Previous offices held; please include dates: n/a
Incumbents: when elected to this position: n/a
Occupation: United States Navy Captain, retired
Current employment (include name and address of employers): n/a
Previous employment: U.S. Navy (1972-1997)
Master of Urban and Environmental Planning, Speciality in Public School Policy Planning
(University of VA, 2000)
Former Associate Professor at Old Dominion University, Hampton University, Norfolk State Univ. (1990-1992)
Masters in Systems Technology from Naval Post-Graduate School (Monterrey, CA, 1979)
Bacher of Arts in Psychology (University of Minnesota, 1972)
Attended Public Elementarty, Junior, and Senior High School in Minnesota
- Member of PTA units in all 4 daughter's schools (ex: Elementary School volunteer coordinator)
- Fairfax County Council of PTAs (Education Chair, Cooresponding Secretary, Budget Committee Member)

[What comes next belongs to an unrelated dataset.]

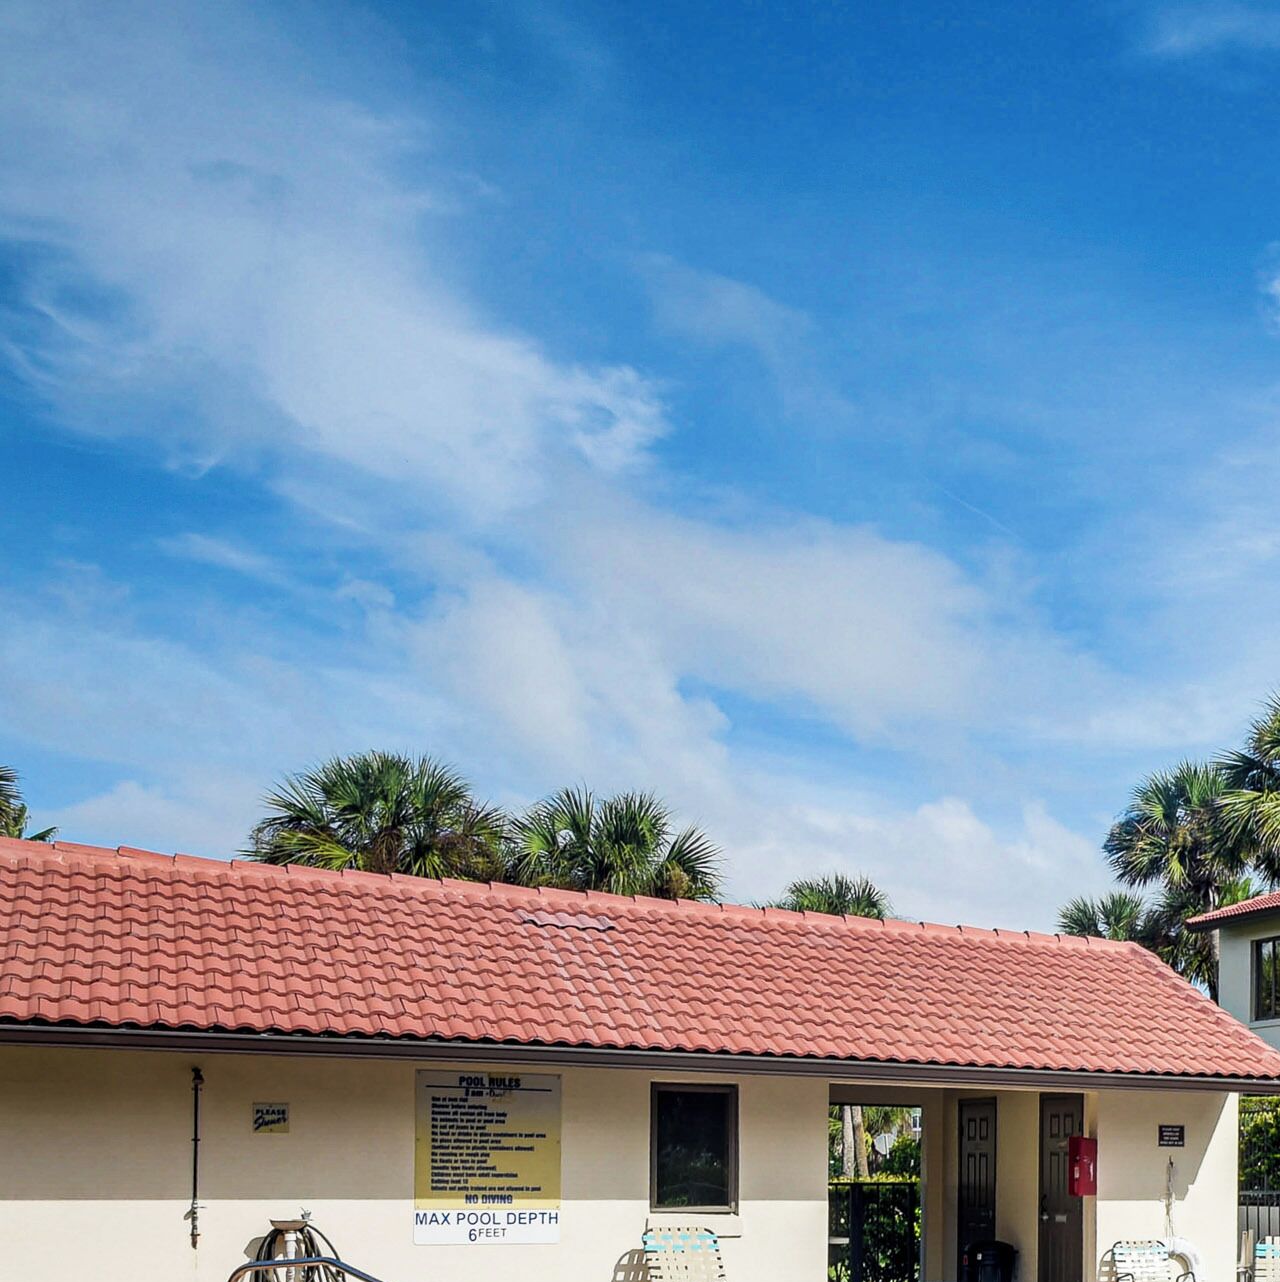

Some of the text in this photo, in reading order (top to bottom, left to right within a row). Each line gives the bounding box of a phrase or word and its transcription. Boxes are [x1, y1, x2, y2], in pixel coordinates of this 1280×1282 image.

- Assistant Director, Fairfax District PTA
- Fairfax County Public Schools Superintendents Community Advisory Committee -Chairman, Transportation and Logistics Subcommittee, Fairfax County Task Force on High School start times
- Gifted Talented Advisory Committee (Membership Chair, Fairfax County Association for the Gifted)
- Braddock District Community Dialogue on Transportation and Land Use
- Math Textbook Advisory Committee
Youth Service Groups
- Uniform Director, Braddock Road Youth Soccer
- Vice-President, W.T. Woodson Crew Boosters
- Girl Scout Service Unit Cookie Manager for up to 36 troops
- Volunteer Coordinator, Odyssey of the Mind Competition
- Neighborhood Watch
Fairfax County Federation of Teachers
AFL-CIO Central Labor Council
1. What is your top public-service accomplishment?
Captain, Retired United States Navy, Retired. Service included:
• Senior White House Systems Analyst / Crisis Management Center
• Commanding Officer of successful 200-member Navy Recruiting District which included Philadelphia, Baltimore, and Washington DC.
• Director, Plans, Programs, and Budget for a federal agency with a multi-billion dollar, multi-year budget
2. Incumbents: Describe the top accomplishment of your last term. Why shouldn’t voters blame you for current problems in your district?
(Not an incumbent) However, I have spent the last few years preparing for service on the School Board, including attending many School Board work sessions, public hearings, and regular meetings; earning a Master of Urban and Environmental Planning degree with a Public School Policy Planning specialty from the University of Virginia; being a founder of RENEW (Renovate to Educate the Next Era at Woodson), participation in the parent-teacher-student committee that recommended Woodson giving up its participation in the International Baccalaureate program and instead retaining its extensive Advance Placement offerings; and many additional volunteer duties including:
• Fairfax County Council of PTA’s (FCCPTA): Education Chair, Corresponding Secretary, and Budget Committee member
• Assistant Director, Fairfax District PTA
• Fairfax County Public Schools Superintendent's Community Advisory Committee
• Chairman, Transportation and Logistics Subcommittee, Fairfax County Task Force on High School Start Times
• Gifted and Talented Advisory Committee and Membership Chair, Fairfax County Association for the Gifted
• Math Textbook Advisory Committee
• Elementary School Volunteer Coordinator
• Volunteer Coordinator, Odyssey of the Mind Competition
• Braddock District Community Dialog on Transportation and Land Use
• W. T. Woodson Crew Boosters Vice President
• Braddock Road Youth Soccer Executive Board
• Girl Scout Service Unit Cookie Manager for 36 troops
• Neighborhood Watch
3. What are the top five problems facing your constituents and what approaches will you use to solve them? Describe one challenge (or more) in your district that is different than other parts of the county.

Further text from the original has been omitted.